In the document, Venâncio Mondlane recalls that Mozambique is experiencing “one of its greatest political crises generated by the mega electoral fraud” in the October general elections and is “committed to fighting the historic and cyclical electoral fraud”.
“However, in order to bring this struggle to a successful conclusion, which has, among other sacrosanct and non-negotiable desiderata, electoral truth as its epicentre, the illegitimate political crusade of the illustrious president of Podemos must come to an end,” Venâncio Mondlane also writes, saying that “titanic efforts have been made to dissuade him from this contractual and political misadventure, between interpersonal contacts, meetings, writings”.
However, he acknowledged, to his “sadness”, these contacts “were unsuccessful”.
“In fact, one of the most recent cracks was the unfortunate and politically irregular decision to swear in Podemos MPs, an act that deeply offends the morals, ethics and interests of the Mozambican people who voted for the VM7 [Venâncio Mondlane]/Podemos duo in the confidence that they would find their interlocutors differentiated.” he added, recognising that all means of reversing the situation have been “exhausted”, but “hoping” that this position will lead Forquilha to “refrain from carrying out acts” that, according to the pre-election agreement, “inhibit him due to illegitimacy”.

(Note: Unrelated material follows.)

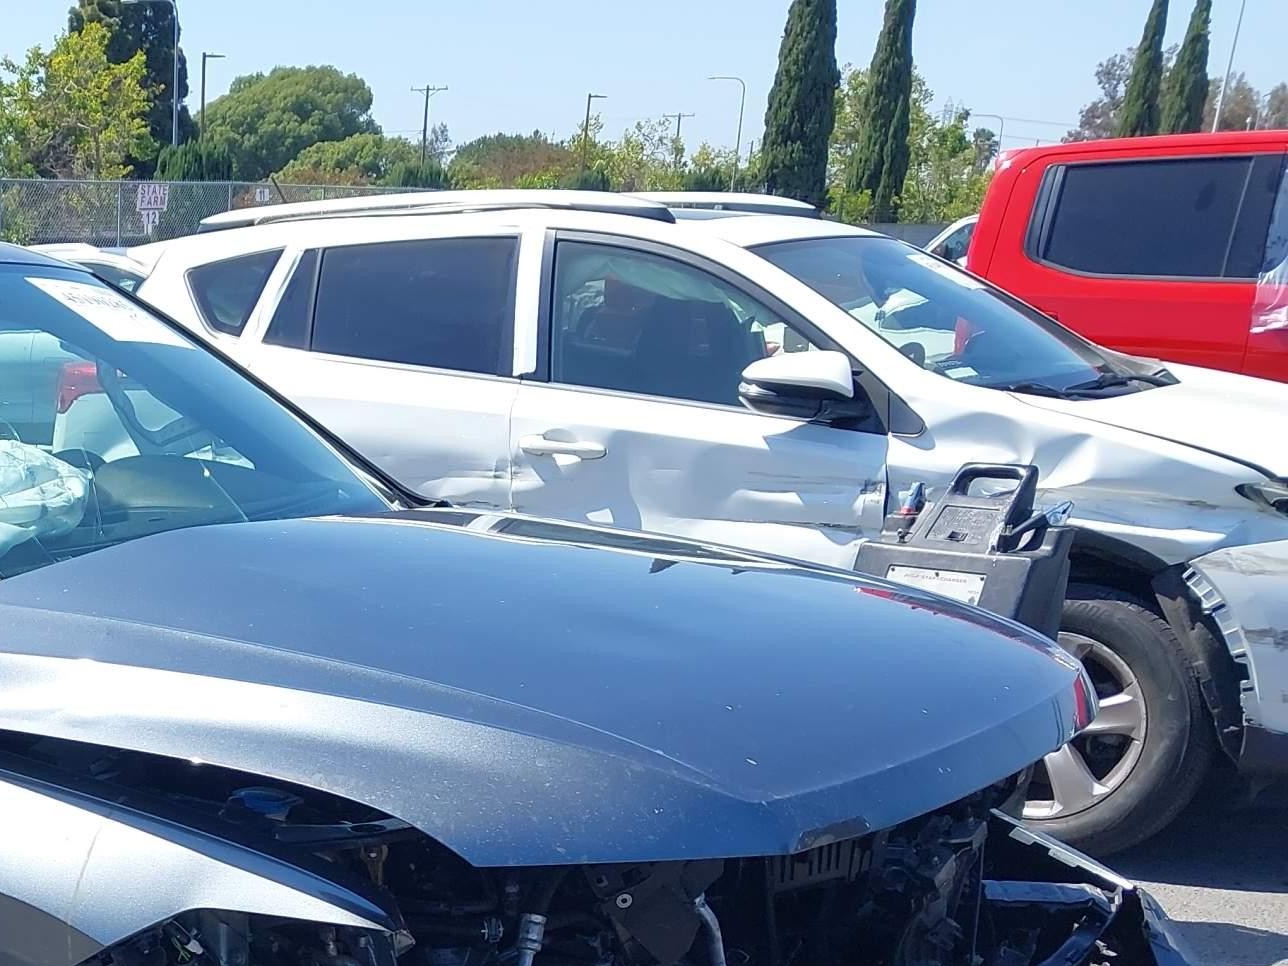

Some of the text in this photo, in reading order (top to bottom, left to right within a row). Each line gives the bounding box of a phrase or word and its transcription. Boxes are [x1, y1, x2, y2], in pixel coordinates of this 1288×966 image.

[140, 184, 168, 196] STATE
[140, 195, 166, 207] FARM
[145, 211, 158, 225] 12
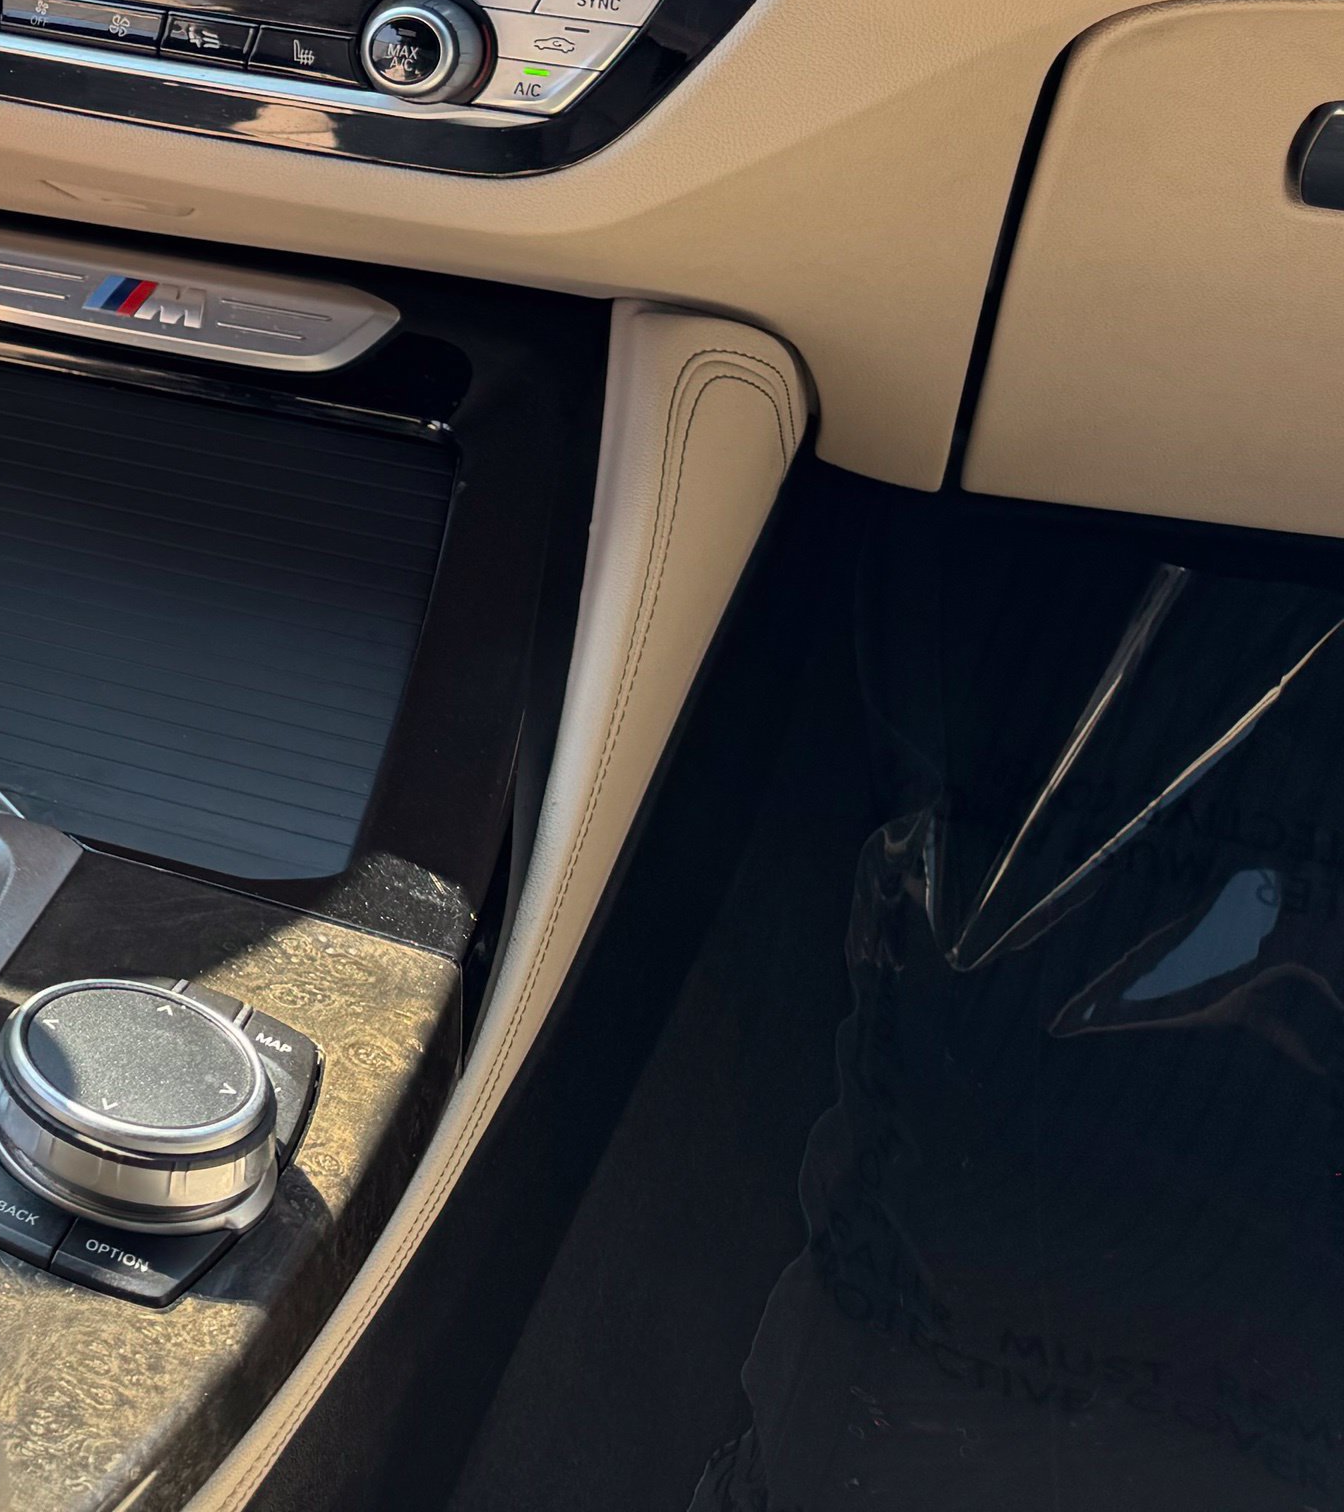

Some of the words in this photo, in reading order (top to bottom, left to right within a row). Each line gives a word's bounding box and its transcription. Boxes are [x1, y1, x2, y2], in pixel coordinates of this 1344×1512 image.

The results promulgated by the Constitutional Council (CC) on the 23rd point to Podemos as the new largest opposition party in Mozambique in the next parliament, whose swearing-in ceremony is expected to take place on 13 January, taking away a status that had been held by the Mozambican National Resistance (Renamo) since the first multiparty elections in 1994.
Of the 250 seats that make up the Parliament, Renamo has gone from 60, which it won in the 2019 legislative elections, to 28 parliamentarians.
Frelimo, in power since independence, maintained its parliamentary majority with 171 deputies.
In the presidential elections, the CC proclaimed Daniel Chapo, the candidate supported by Frelimo, as the winner, with 65.17% of the votes. Frelimo, which retained its parliamentary majority, was also declared victorious in the general elections on 9 October.
Chapo’s election has been contested on the streets and the CC’s announcement has added to the chaos that the country has been experiencing since October, with pro-Mondlane demonstrators – a candidate who, according to the CC only obtained 24% of the votes but claims victory – in protests demanding the “restoration of electoral truth”, with barricades, looting and clashes with the police, who have been firing shots in an attempt to demobilise, with almost 300 people reported dead and more than 500 people shot.